------ MATERIAL FOR THE TASK ------

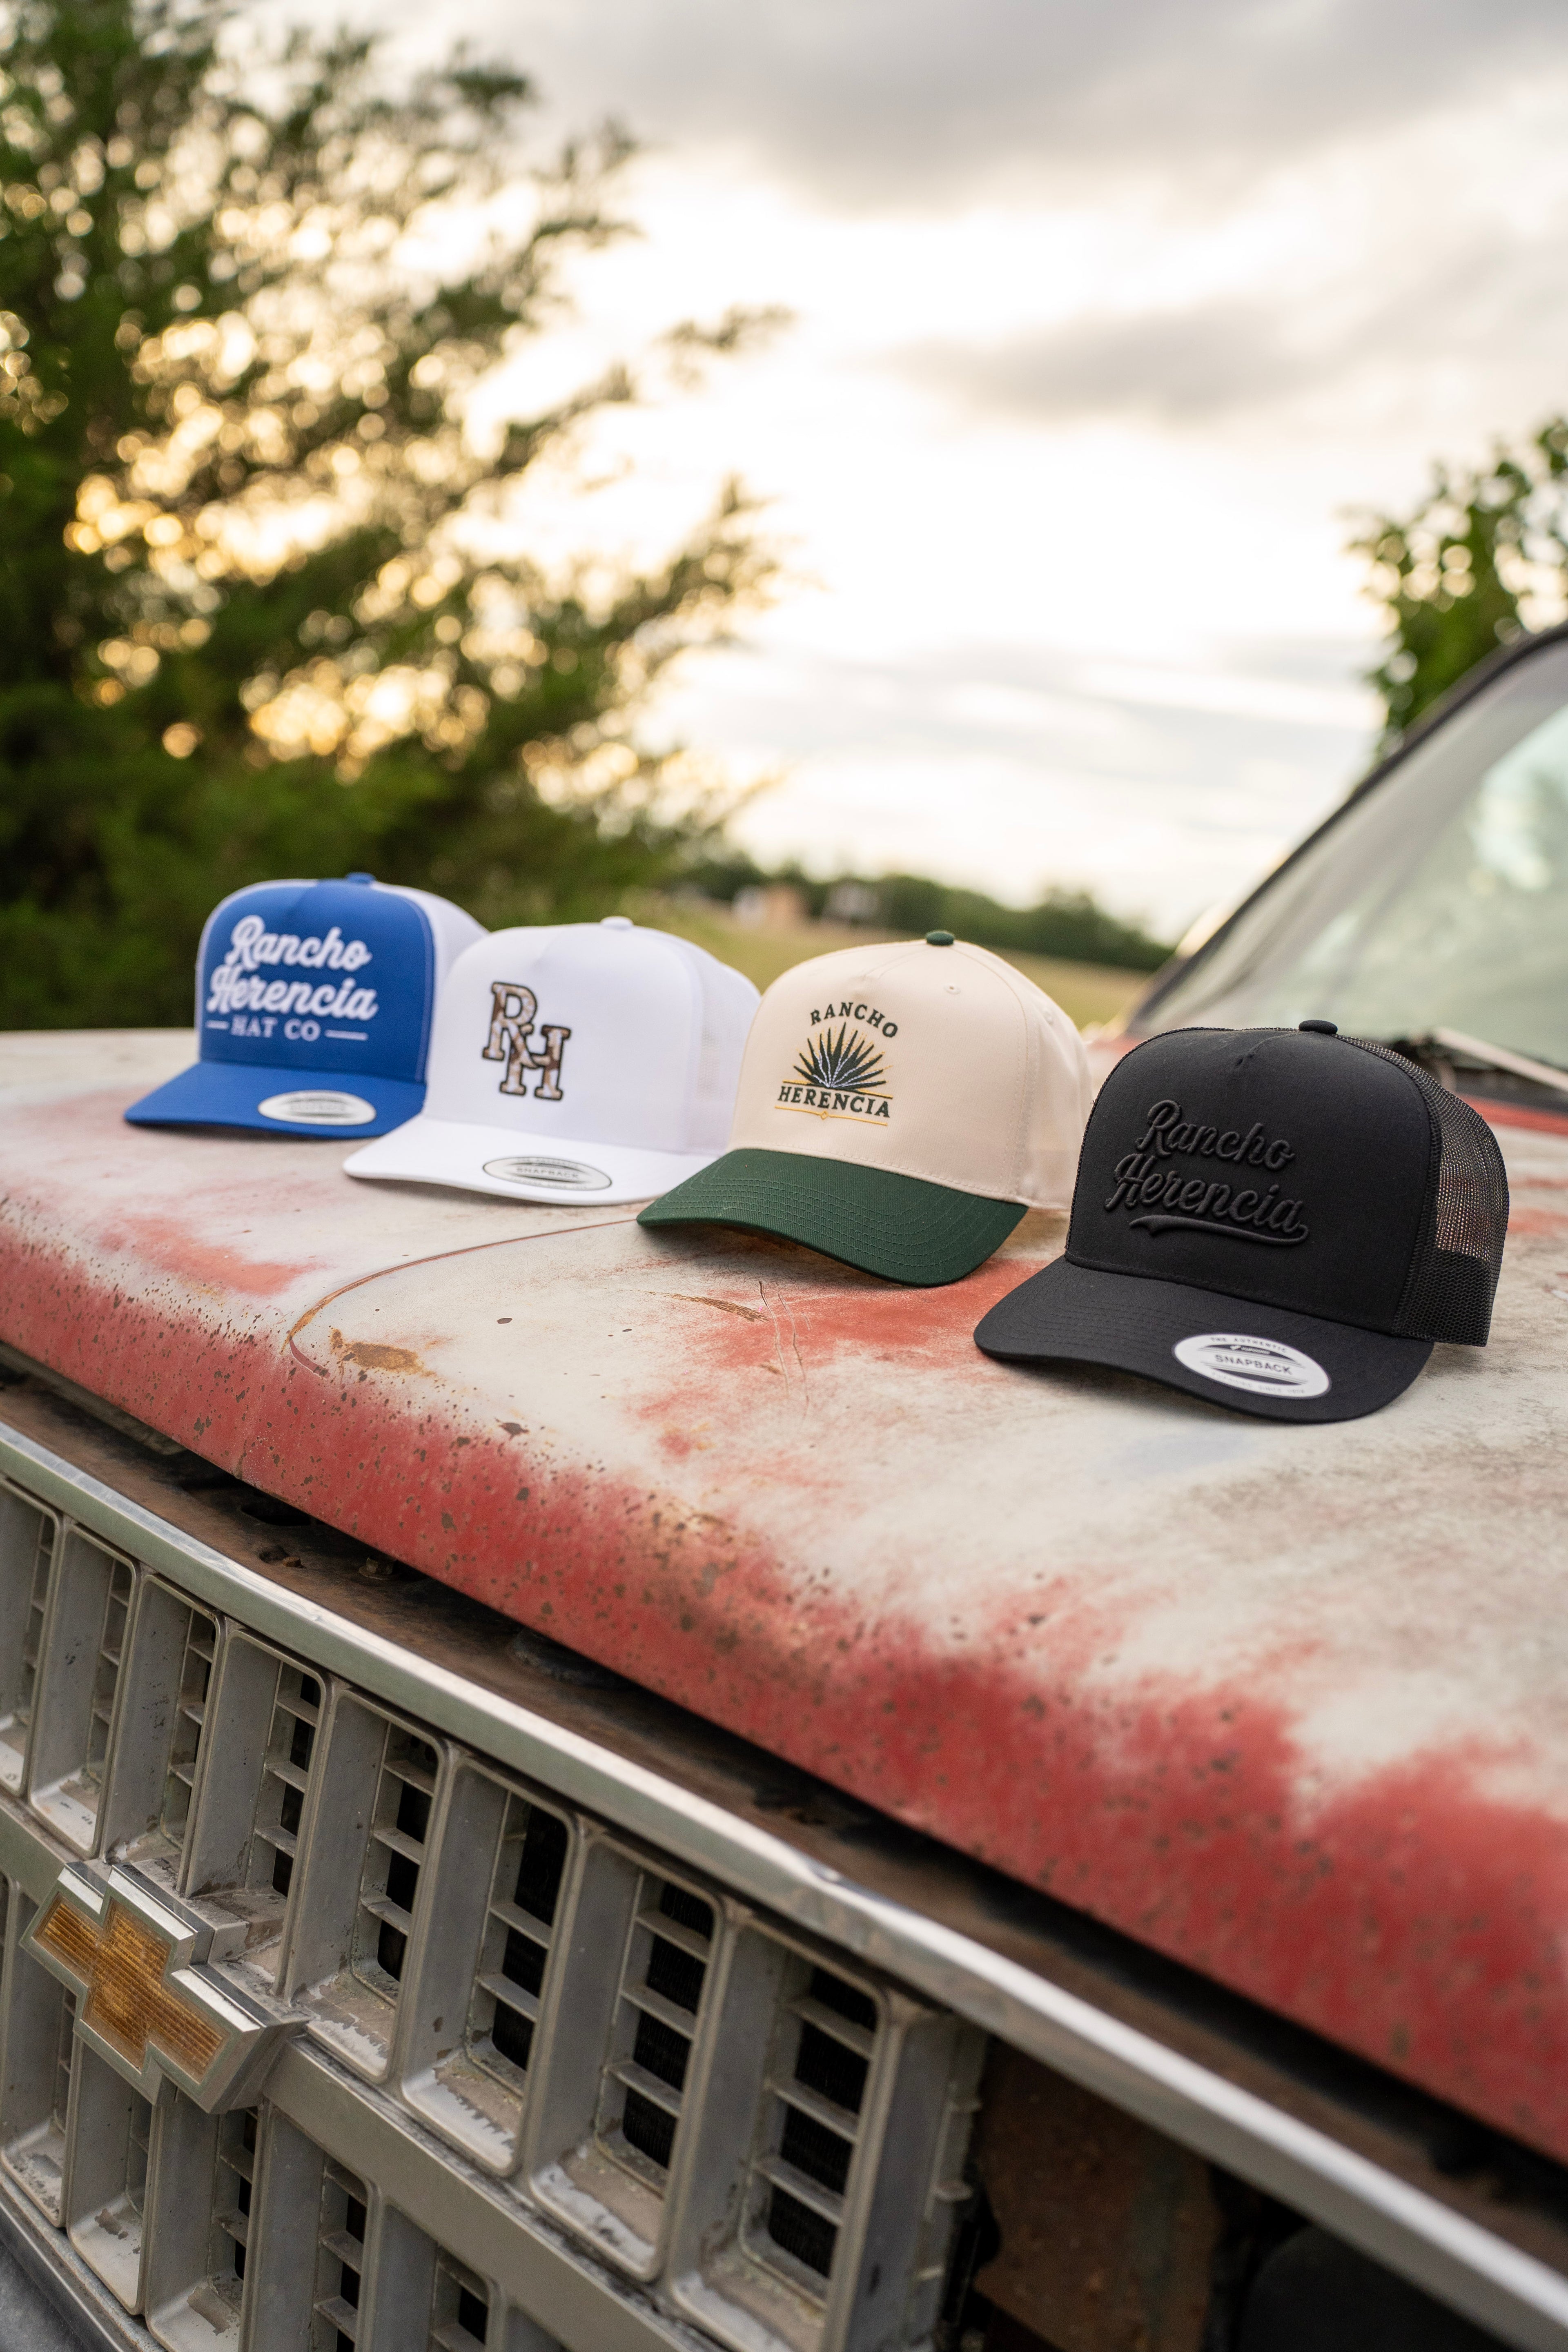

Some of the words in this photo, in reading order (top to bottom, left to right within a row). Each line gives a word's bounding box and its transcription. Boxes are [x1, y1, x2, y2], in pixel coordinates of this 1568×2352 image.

[225, 914, 372, 972] Rancho
[207, 964, 379, 1021] Herencia
[231, 1014, 278, 1038] HAT
[283, 1018, 321, 1042] CO
[810, 1002, 898, 1038] RANCHO
[777, 1086, 890, 1118] HERENCIA
[1136, 1099, 1295, 1171] Rancho
[1104, 1153, 1304, 1234] Herencia
[1214, 1354, 1292, 1375] SNAPBACK

------

* [WHAT IS REQUIRED]: Return the material exactly as written, except for any pictures it holds.

* [SOLUTION TO THE PROBLEM]:
Some of the words in this photo, in reading order (top to bottom, left to right within a row). Each line gives a word's bounding box and its transcription. Boxes are [x1, y1, x2, y2], in pixel coordinates of this 1568×2352 image.

[225, 914, 372, 972] Rancho
[207, 964, 379, 1021] Herencia
[231, 1014, 278, 1038] HAT
[283, 1018, 321, 1042] CO
[810, 1002, 898, 1038] RANCHO
[777, 1086, 890, 1118] HERENCIA
[1136, 1099, 1295, 1171] Rancho
[1104, 1153, 1304, 1234] Herencia
[1214, 1354, 1292, 1375] SNAPBACK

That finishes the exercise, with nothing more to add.